## [THE PROBLEM]
Exact copies of the lines from the line containing "this 2560×1439 image." through the last line of the entries below are the whole answer.

## [STORED DATA]
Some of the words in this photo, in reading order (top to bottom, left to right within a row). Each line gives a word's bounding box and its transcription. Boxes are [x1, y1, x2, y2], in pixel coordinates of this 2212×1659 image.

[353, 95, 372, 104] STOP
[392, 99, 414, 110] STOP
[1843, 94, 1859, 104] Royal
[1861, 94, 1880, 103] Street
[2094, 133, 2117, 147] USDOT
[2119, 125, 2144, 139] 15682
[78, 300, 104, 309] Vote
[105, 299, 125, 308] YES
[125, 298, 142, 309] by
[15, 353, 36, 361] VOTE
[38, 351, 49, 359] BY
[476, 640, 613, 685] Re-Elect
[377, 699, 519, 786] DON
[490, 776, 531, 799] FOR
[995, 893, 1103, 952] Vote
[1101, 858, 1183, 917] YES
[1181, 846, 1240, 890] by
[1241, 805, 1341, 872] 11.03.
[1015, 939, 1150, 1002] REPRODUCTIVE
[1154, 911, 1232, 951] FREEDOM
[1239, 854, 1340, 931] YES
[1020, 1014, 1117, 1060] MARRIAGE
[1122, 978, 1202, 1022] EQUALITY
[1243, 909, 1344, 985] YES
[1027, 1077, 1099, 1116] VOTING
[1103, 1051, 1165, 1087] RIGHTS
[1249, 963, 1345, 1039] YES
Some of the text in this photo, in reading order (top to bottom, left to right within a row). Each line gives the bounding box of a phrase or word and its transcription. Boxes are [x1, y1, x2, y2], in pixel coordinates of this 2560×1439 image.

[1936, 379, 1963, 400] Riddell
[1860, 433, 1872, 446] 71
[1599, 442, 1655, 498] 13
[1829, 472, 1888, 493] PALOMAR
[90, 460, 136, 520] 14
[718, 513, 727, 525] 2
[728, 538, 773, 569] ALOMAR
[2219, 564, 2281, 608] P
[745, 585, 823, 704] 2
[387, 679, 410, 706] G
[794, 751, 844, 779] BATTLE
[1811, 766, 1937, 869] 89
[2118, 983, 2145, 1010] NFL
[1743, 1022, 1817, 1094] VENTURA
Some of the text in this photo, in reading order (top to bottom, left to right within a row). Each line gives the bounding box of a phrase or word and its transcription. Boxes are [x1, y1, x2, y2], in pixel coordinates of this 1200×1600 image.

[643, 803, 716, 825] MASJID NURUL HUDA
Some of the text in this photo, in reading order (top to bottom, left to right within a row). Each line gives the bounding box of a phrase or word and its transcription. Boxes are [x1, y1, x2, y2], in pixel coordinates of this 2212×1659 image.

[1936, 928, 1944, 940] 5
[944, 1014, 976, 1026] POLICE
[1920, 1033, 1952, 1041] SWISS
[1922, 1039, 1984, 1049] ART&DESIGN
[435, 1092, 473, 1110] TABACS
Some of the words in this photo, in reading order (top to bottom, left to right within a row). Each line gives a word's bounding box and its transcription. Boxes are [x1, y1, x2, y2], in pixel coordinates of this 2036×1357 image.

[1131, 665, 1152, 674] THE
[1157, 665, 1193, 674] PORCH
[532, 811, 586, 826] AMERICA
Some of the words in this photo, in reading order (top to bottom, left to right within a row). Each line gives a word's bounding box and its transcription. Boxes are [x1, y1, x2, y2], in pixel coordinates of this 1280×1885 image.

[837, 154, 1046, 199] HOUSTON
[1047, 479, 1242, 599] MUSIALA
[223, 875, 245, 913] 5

## [SOLVED EXERCISE]
Some of the text in this photo, in reading order (top to bottom, left to right within a row). Each line gives the bounding box of a phrase or word and its transcription. Boxes are [x1, y1, x2, y2], in pixel coordinates of this 2560×1439 image.

[1936, 379, 1963, 400] Riddell
[1860, 433, 1872, 446] 71
[1599, 442, 1655, 498] 13
[1829, 472, 1888, 493] PALOMAR
[90, 460, 136, 520] 14
[718, 513, 727, 525] 2
[728, 538, 773, 569] ALOMAR
[2219, 564, 2281, 608] P
[745, 585, 823, 704] 2
[387, 679, 410, 706] G
[794, 751, 844, 779] BATTLE
[1811, 766, 1937, 869] 89
[2118, 983, 2145, 1010] NFL
[1743, 1022, 1817, 1094] VENTURA
Some of the text in this photo, in reading order (top to bottom, left to right within a row). Each line gives the bounding box of a phrase or word and its transcription. Boxes are [x1, y1, x2, y2], in pixel coordinates of this 1200×1600 image.

[643, 803, 716, 825] MASJID NURUL HUDA
Some of the text in this photo, in reading order (top to bottom, left to right within a row). Each line gives the bounding box of a phrase or word and its transcription. Boxes are [x1, y1, x2, y2], in pixel coordinates of this 2212×1659 image.

[1936, 928, 1944, 940] 5
[944, 1014, 976, 1026] POLICE
[1920, 1033, 1952, 1041] SWISS
[1922, 1039, 1984, 1049] ART&DESIGN
[435, 1092, 473, 1110] TABACS
Some of the words in this photo, in reading order (top to bottom, left to right within a row). Each line gives a word's bounding box and its transcription. Boxes are [x1, y1, x2, y2], in pixel coordinates of this 2036×1357 image.

[1131, 665, 1152, 674] THE
[1157, 665, 1193, 674] PORCH
[532, 811, 586, 826] AMERICA
Some of the words in this photo, in reading order (top to bottom, left to right within a row). Each line gives a word's bounding box and its transcription. Boxes are [x1, y1, x2, y2], in pixel coordinates of this 1280×1885 image.

[837, 154, 1046, 199] HOUSTON
[1047, 479, 1242, 599] MUSIALA
[223, 875, 245, 913] 5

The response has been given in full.